It’s possible that Father Joseph Zhu Baoyu thought his country was moving towards real reform: freedom from socialism, freedom from the Party, freedom to worship God according to the dictates of his conscience. Maybe he thought the Party was relaxing its grip, not just shifting its posture. Or maybe he was just tired of hiding.

In any event, in the middle of the “Opening,” Father Zhu led a group of pilgrims to the Shrine of Our Lady of Sheshan in Shanghai. For this, he was arrested by the Communist authorities, charged with “counter-revolutionary behavior,” and sentenced to ten years of hard labor.

Father Zhu was nearly seventy when he was paroled in 1988. Nevertheless, the Vatican appointed him Bishop of Nanyang in 1995.

Bishop Zhu served for fifteen years before stepping down in 2010. By then, he was 89 years old—well past a bishop’s usual retirement age of 75. But then he shocked the Church by immediately accepting membership in the Chinese Patriotic Catholic Association: a government-controlled sect that Beijing hopes will replace the “counter-revolutionary” Roman Catholic Church. According to a report by Cath-Info, the media arm of the Swiss bishops’ conference, Bishop Zhu reconciled with the government in hopes of securing properties that had been stolen from the Church during the Cultural Revolution of the 1960s and 1970s. The Patriotic Association promptly re-installed him as Bishop of Nanyang.

This reconciliation divided the clergy in Nanyang. In a diocese where the Underground Church outnumbers the Patriotic Association, about half of the priests were content to see the two groups united under Bishop Zhu, a man who had repeatedly proven his loyalty to Rome. The other half, however, deplored any cooperation with the CPCA.

The anti-Zhu faction was led by an auxiliary bishop named Peter Jin Lugang, who also spent time in a work camp and knew firsthand the Party’s intransigence when dealing with the dissident Catholics. The following year, in 2011, Rome appointed Jin to succeed Zhu as the “Underground” Bishop of Nanyang.

The two men served as bishops (one ordinary, one coadjutor) of Nanyang until January 30, 2019, when Bishop Jin followed his predecessor and joined the Patriotic Association.

Curiously, he too claimed to be acting in the hope of restoring Church property which had been confiscated during the Cultural Revolution. That seems to be the standard line. They’re not fighting for religious freedom or independence from the state: just property.

A missionary of the Pontifical Institute for Foreign Missions named Father Sergio Ticozzi wrote a dispatch for AsiaNews claiming that Bishop Jin had been tricked and coerced by the Communist authorities into joining the Patriotic Association. Allegedly, the government had only insisted that Bishop Jin register with the CPCA in order to continue his public ministry—they didn’t require him to join as a full member. Now, it isn’t clear what the difference is between registering and joining; in Bishop Jin’s case, there doesn’t seem to have been any difference at all. According to one AsiaNews source, an installation ceremony was “quickly set up in almost total silence,” and the government re-installed Peter Jin as the “Patriotic” bishop of Nanyang.
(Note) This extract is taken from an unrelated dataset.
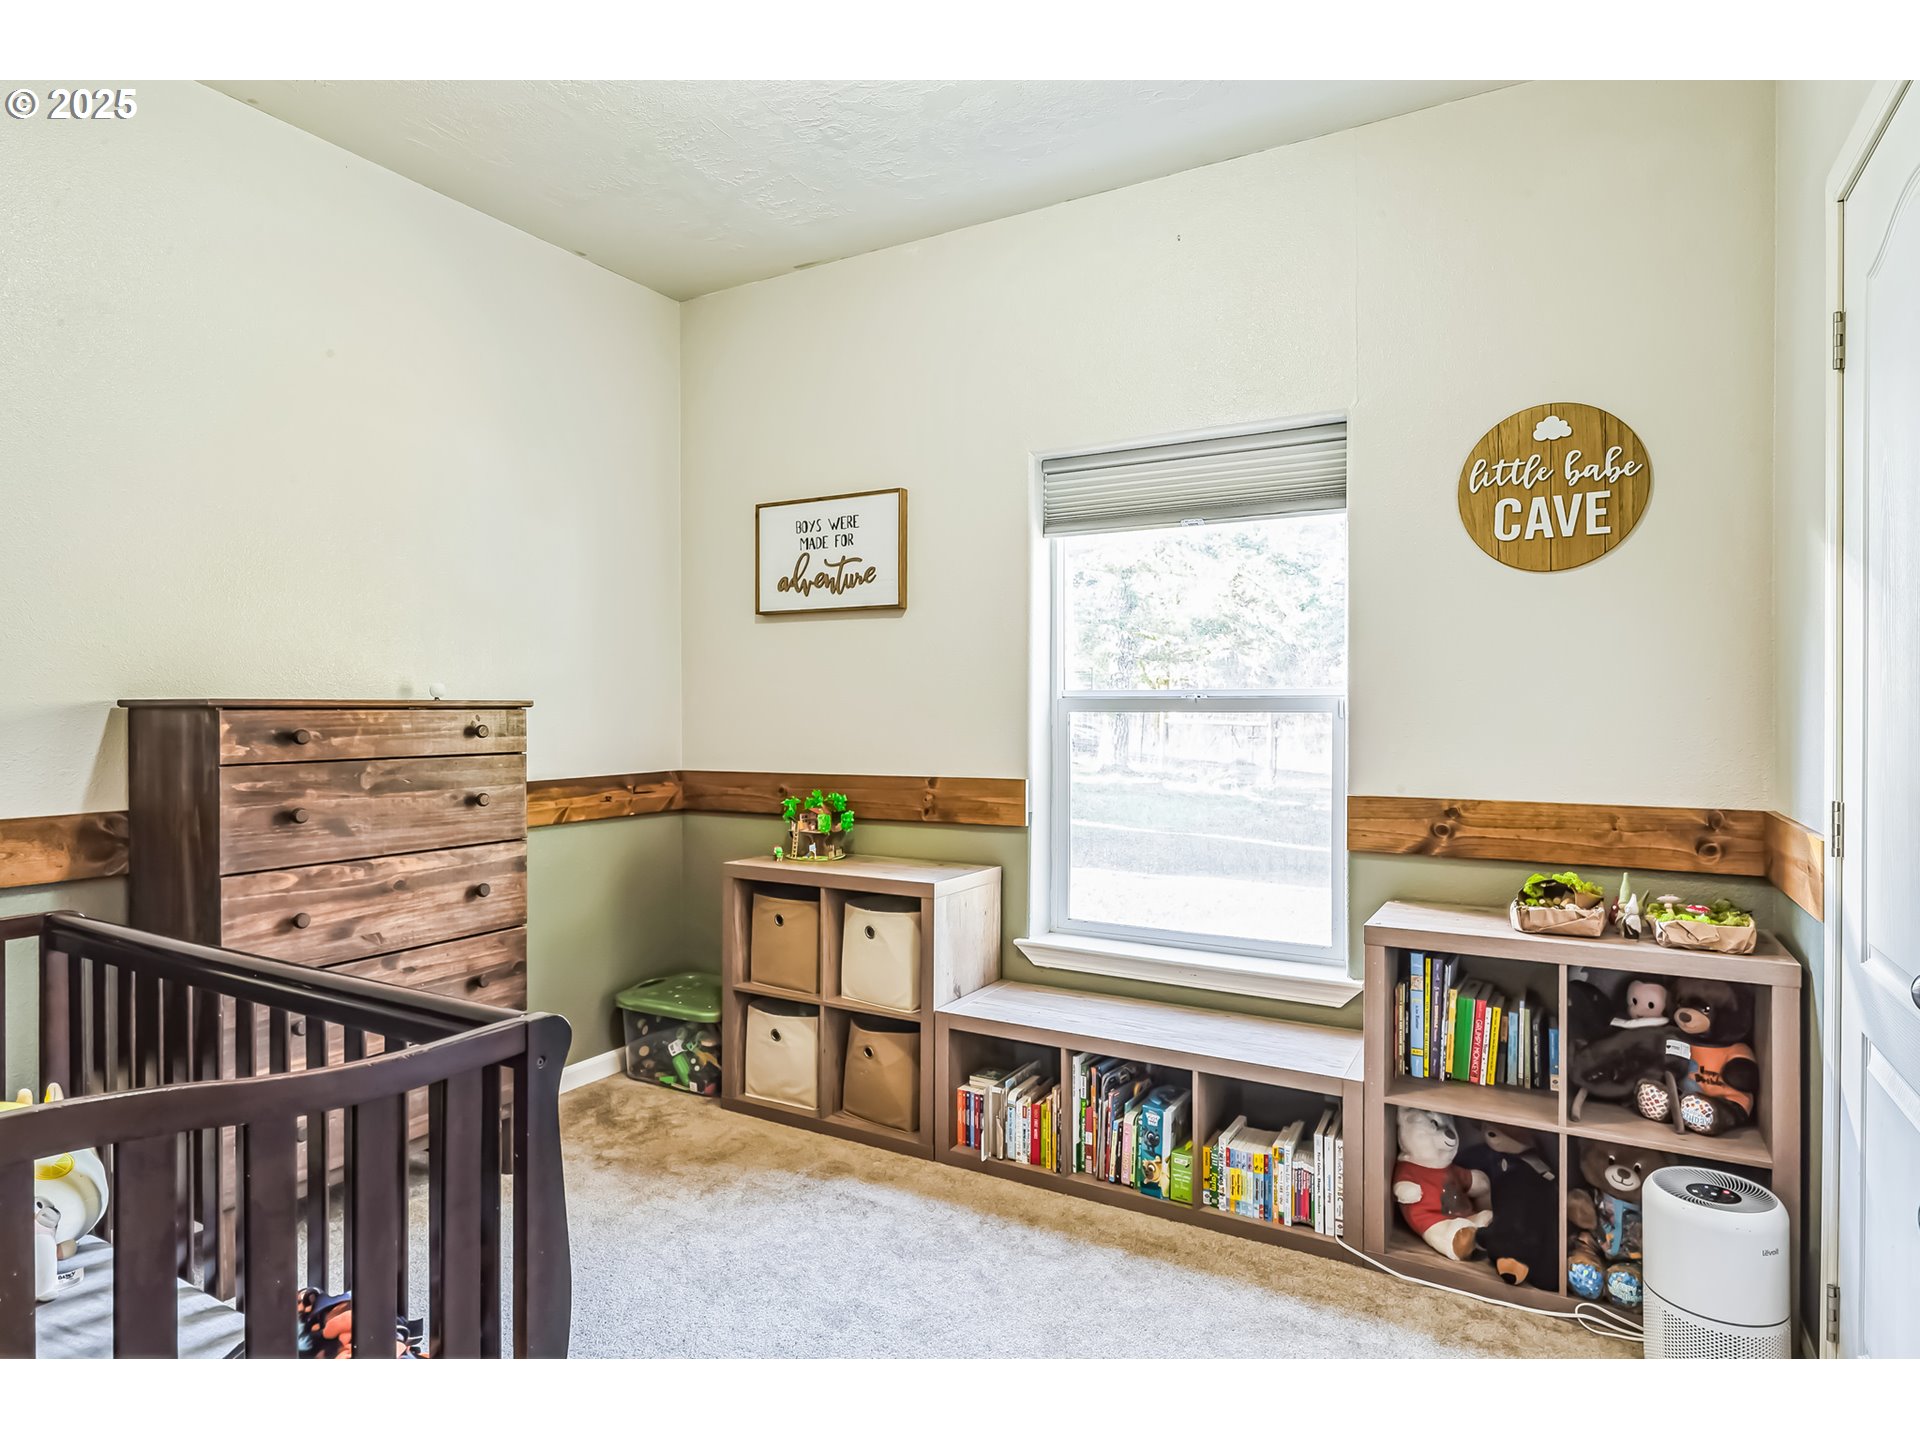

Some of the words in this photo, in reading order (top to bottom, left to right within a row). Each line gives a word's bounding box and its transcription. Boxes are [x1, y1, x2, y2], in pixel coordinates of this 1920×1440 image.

Father Ticozzi is a friend of Bishop Jin and claims the prelate’s “honesty of conscience… gave him no peace” over his apparent (if accidental) defection. The bishop “humbly submitted the request for forgiveness to the Holy See,” warning that “his behavior should be an example to many”: the Chinese government will not be content with a half-loyalty.

There are only two options available to Catholics. One is total submission to the state-run church. The other is a lengthy stint in a re-education center, where the government will purge all “counter-revolutionary” thoughts through forced labor. Bishop Jin had already experienced the latter.

Far be it from me to judge either of these men. I certainly mean no disrespect to the late Bishop Zhu, and have no desire to detract from the heartening story of his recovery from the novel coronavirus. I pray Christ shows him mercy, as I pray He’s merciful with me.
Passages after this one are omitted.